Apart from ions, we would also like to draw attention to the presence, in the beginning of the simulation, of a lipid molecule between two α-helices (sketched in yellow and red in Figure S5), still partially attached to its original extracellular membrane side. Interestingly, by analyzing the distance of such an outbound lipid from the edges of a transmembrane α-helix (R68-A99), it can be seen how the lipid is transferred across the membrane without any external bias, to almost reach the cytosol membrane side finally. This indication mildly suggests that the eventual ORF3a central channel might be accessible for lipid translocation, due to the presence of a hydrophobic cavity shielding the lipid molecule from the aqueous environment (see also Figure A). Nevertheless, more realistic membrane compositions should be used to confirm the eventual co-role of ORF3a as a lipid transporter.

All in all, our results allow the mechanisms underlying permeabilization and polarization of the membrane by SARS-CoV-2 ORF3a viroporin-like protein to be characterized, at an atomistic level.
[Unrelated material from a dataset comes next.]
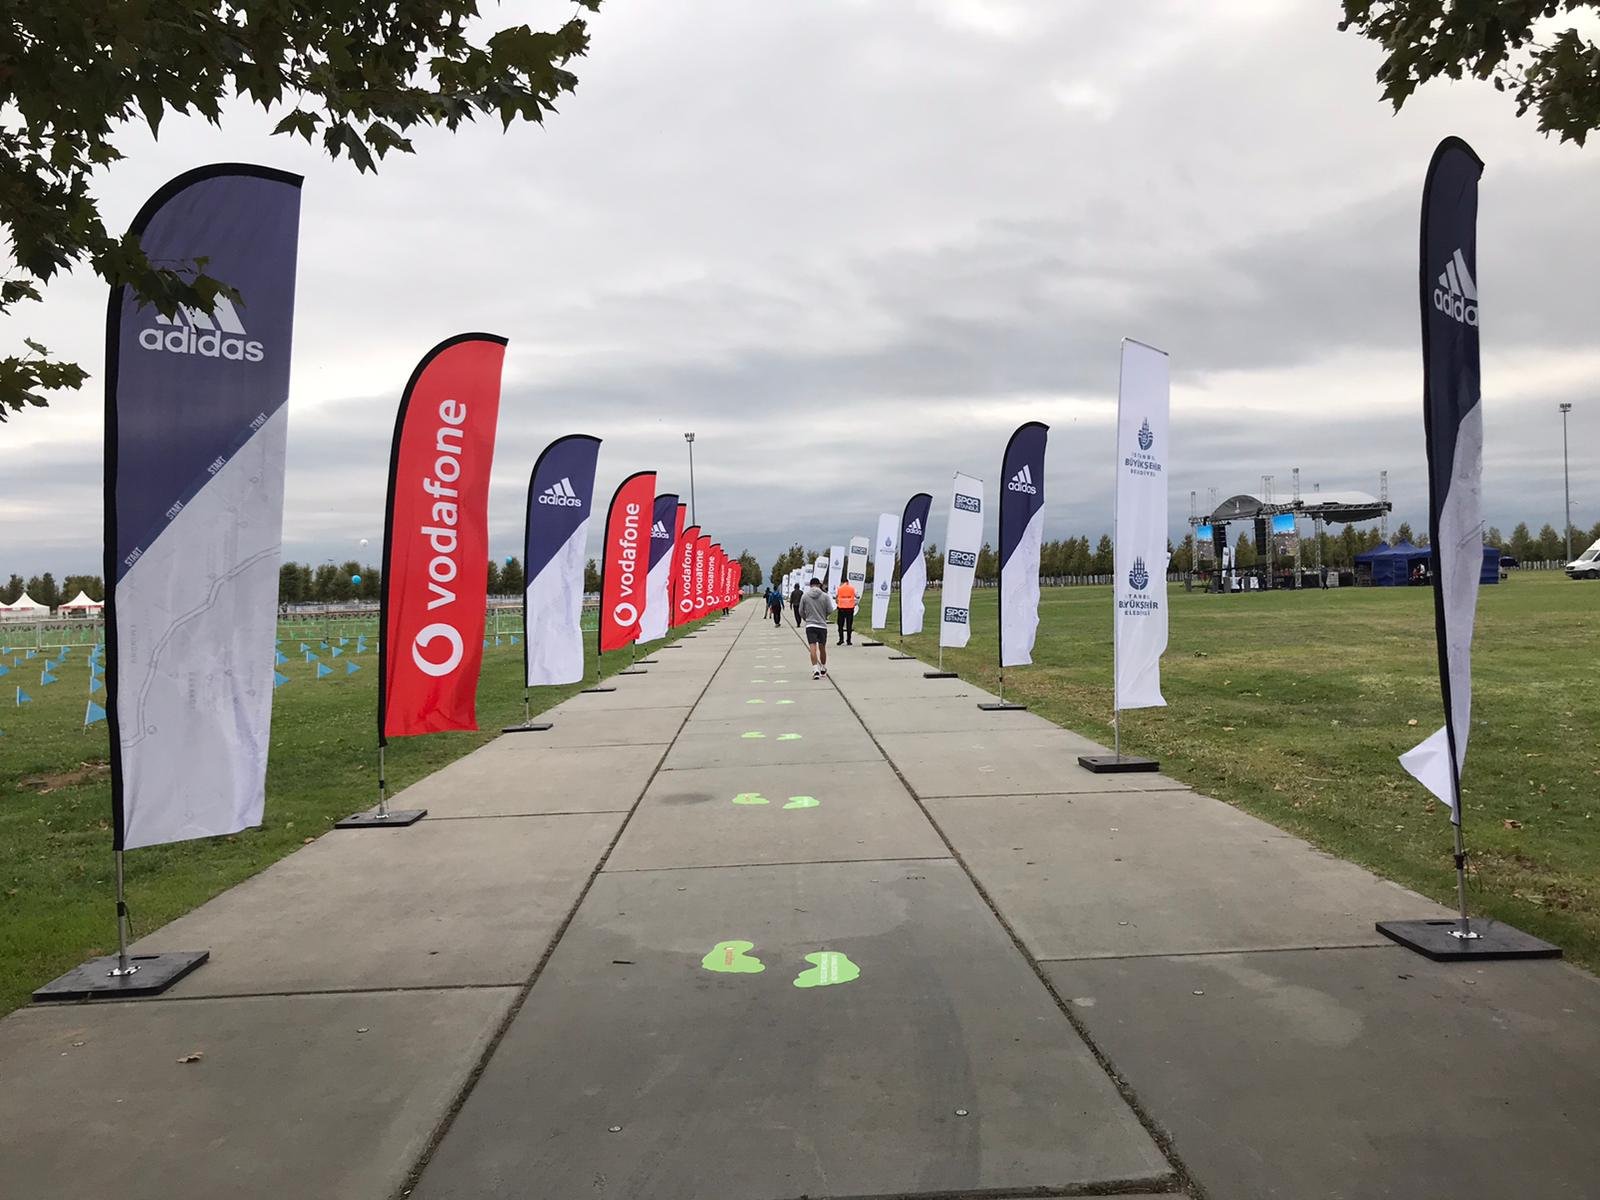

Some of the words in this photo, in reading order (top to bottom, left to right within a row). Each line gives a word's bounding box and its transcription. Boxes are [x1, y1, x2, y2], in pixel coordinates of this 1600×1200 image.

In this sense, and due to the important role of ORF3a for the viral life cycle, they could offer an original drug design strategy aimed at blocking the transfer gates by the interaction with specific drugs. The high conservation of ORF3a among coronaviruses further enhances the importance of this study and the soundness of the envisaged drug-design strategy, while providing the elucidation of a key, and often overlooked, mechanism of SARS-CoV-2 cycle.